* Exercise aim *
Please copy each line of the listing below precisely, excluding the images.
⟨
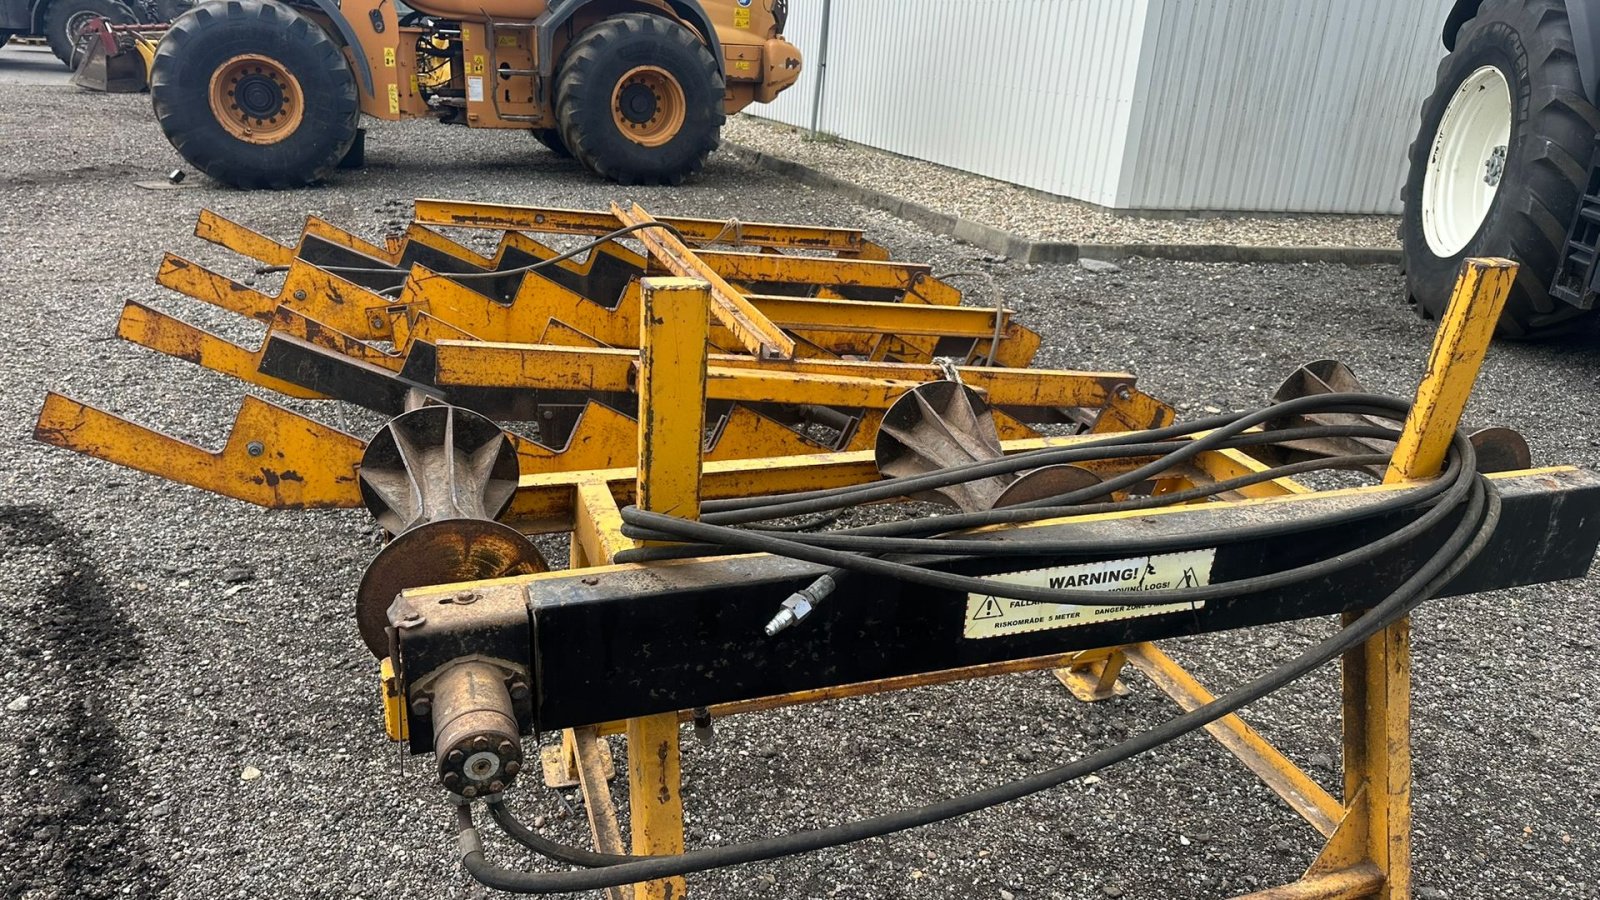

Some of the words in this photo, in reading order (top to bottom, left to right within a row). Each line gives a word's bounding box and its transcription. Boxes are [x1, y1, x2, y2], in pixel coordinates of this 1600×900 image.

[1049, 567, 1139, 589] WARNING!
[1144, 582, 1171, 591] LOGS!
[1094, 604, 1125, 615] DANGER
[994, 616, 1045, 629] RISKOMRÅDE
[1054, 612, 1081, 621] METER
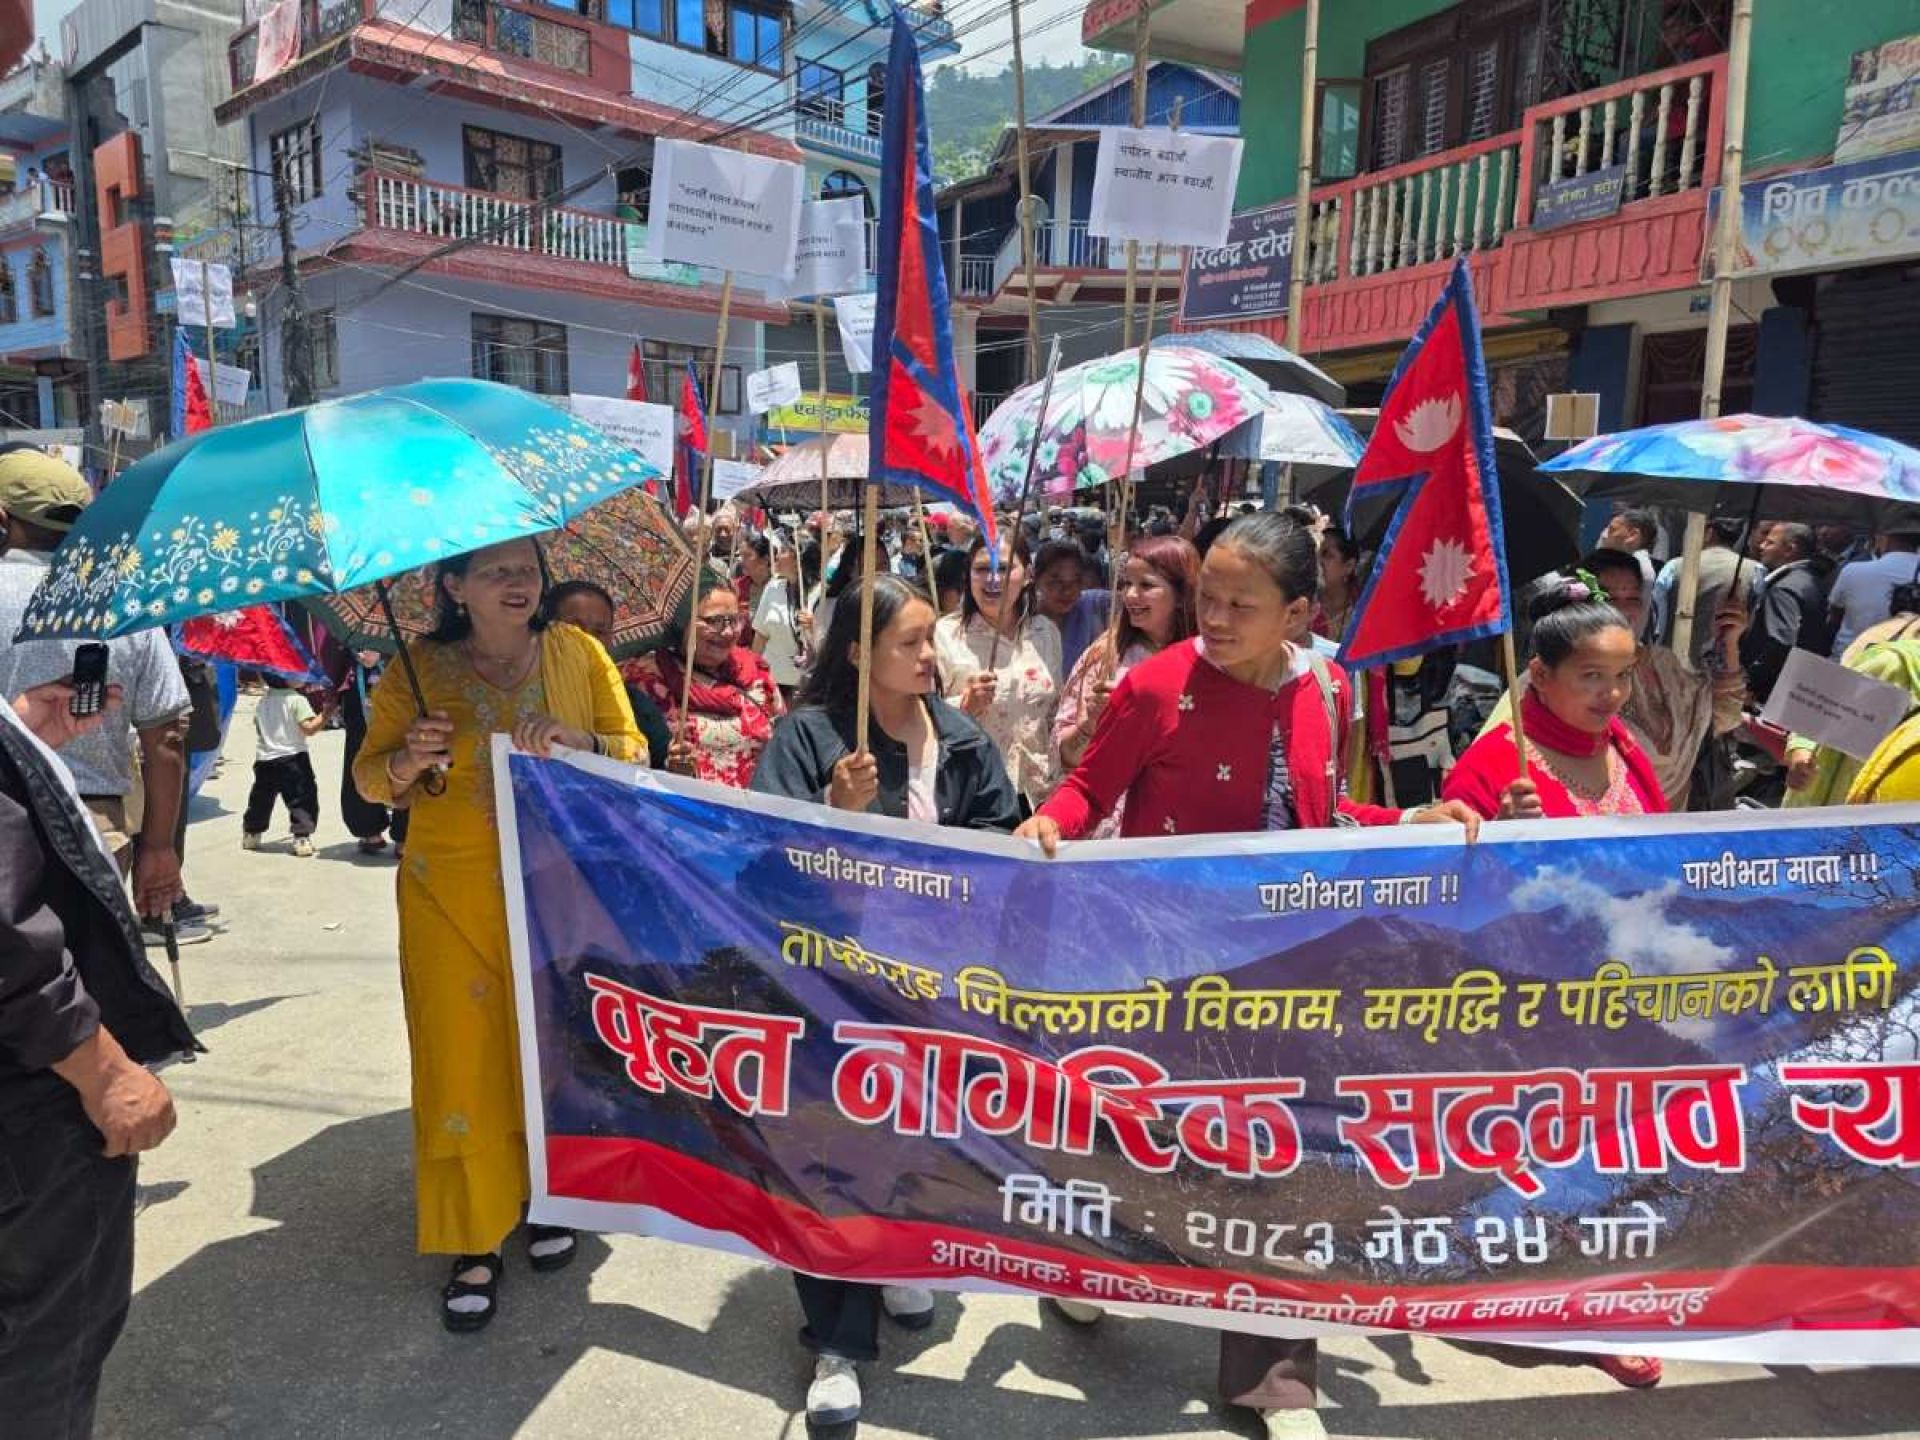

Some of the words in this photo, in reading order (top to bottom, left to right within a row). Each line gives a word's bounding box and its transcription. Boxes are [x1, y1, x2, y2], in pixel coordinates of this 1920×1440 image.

[785, 846, 887, 888] पाथीभरा
[890, 865, 953, 900] माता
[961, 875, 971, 902] !
[1258, 871, 1366, 913] पाथीभरा
[1370, 875, 1433, 908] माता
[1439, 874, 1460, 903] !!
[1682, 851, 1780, 890] पाथीभरा
[1784, 854, 1842, 885] माता
[1848, 853, 1880, 882] !!!
[780, 919, 943, 1001] ताप्लेजुङ
[954, 965, 1172, 1034] जिल्लाको
[1183, 975, 1345, 1038] विकास,
[1364, 970, 1507, 1044] समृद्धि
[1516, 984, 1546, 1029] र
[1557, 957, 1780, 1031] पहिचानको
[1788, 946, 1898, 1011] लागि
[584, 972, 806, 1117] वृहत
[833, 1020, 1305, 1179] नागरिक
[1335, 1062, 1748, 1201] सद्भाव
[998, 1173, 1123, 1238] मिति
[1185, 1211, 1335, 1271] २०८३
[1365, 1204, 1453, 1265] जेठ
[1475, 1215, 1549, 1264] २४
[1579, 1201, 1668, 1261] गते
[1406, 1299, 1467, 1329] युवा
[1472, 1292, 1571, 1321] समाज,
[1582, 1281, 1715, 1326] ताप्लेजुङ
⟩
* Task output *
Some of the words in this photo, in reading order (top to bottom, left to right within a row). Each line gives a word's bounding box and its transcription. Boxes are [x1, y1, x2, y2], in pixel coordinates of this 1600×900 image.

[1049, 567, 1139, 589] WARNING!
[1144, 582, 1171, 591] LOGS!
[1094, 604, 1125, 615] DANGER
[994, 616, 1045, 629] RISKOMRÅDE
[1054, 612, 1081, 621] METER

Some of the words in this photo, in reading order (top to bottom, left to right within a row). Each line gives a word's bounding box and its transcription. Boxes are [x1, y1, x2, y2], in pixel coordinates of this 1920×1440 image.

[785, 846, 887, 888] पाथीभरा
[890, 865, 953, 900] माता
[961, 875, 971, 902] !
[1258, 871, 1366, 913] पाथीभरा
[1370, 875, 1433, 908] माता
[1439, 874, 1460, 903] !!
[1682, 851, 1780, 890] पाथीभरा
[1784, 854, 1842, 885] माता
[1848, 853, 1880, 882] !!!
[780, 919, 943, 1001] ताप्लेजुङ
[954, 965, 1172, 1034] जिल्लाको
[1183, 975, 1345, 1038] विकास,
[1364, 970, 1507, 1044] समृद्धि
[1516, 984, 1546, 1029] र
[1557, 957, 1780, 1031] पहिचानको
[1788, 946, 1898, 1011] लागि
[584, 972, 806, 1117] वृहत
[833, 1020, 1305, 1179] नागरिक
[1335, 1062, 1748, 1201] सद्भाव
[998, 1173, 1123, 1238] मिति
[1185, 1211, 1335, 1271] २०८३
[1365, 1204, 1453, 1265] जेठ
[1475, 1215, 1549, 1264] २४
[1579, 1201, 1668, 1261] गते
[1406, 1299, 1467, 1329] युवा
[1472, 1292, 1571, 1321] समाज,
[1582, 1281, 1715, 1326] ताप्लेजुङ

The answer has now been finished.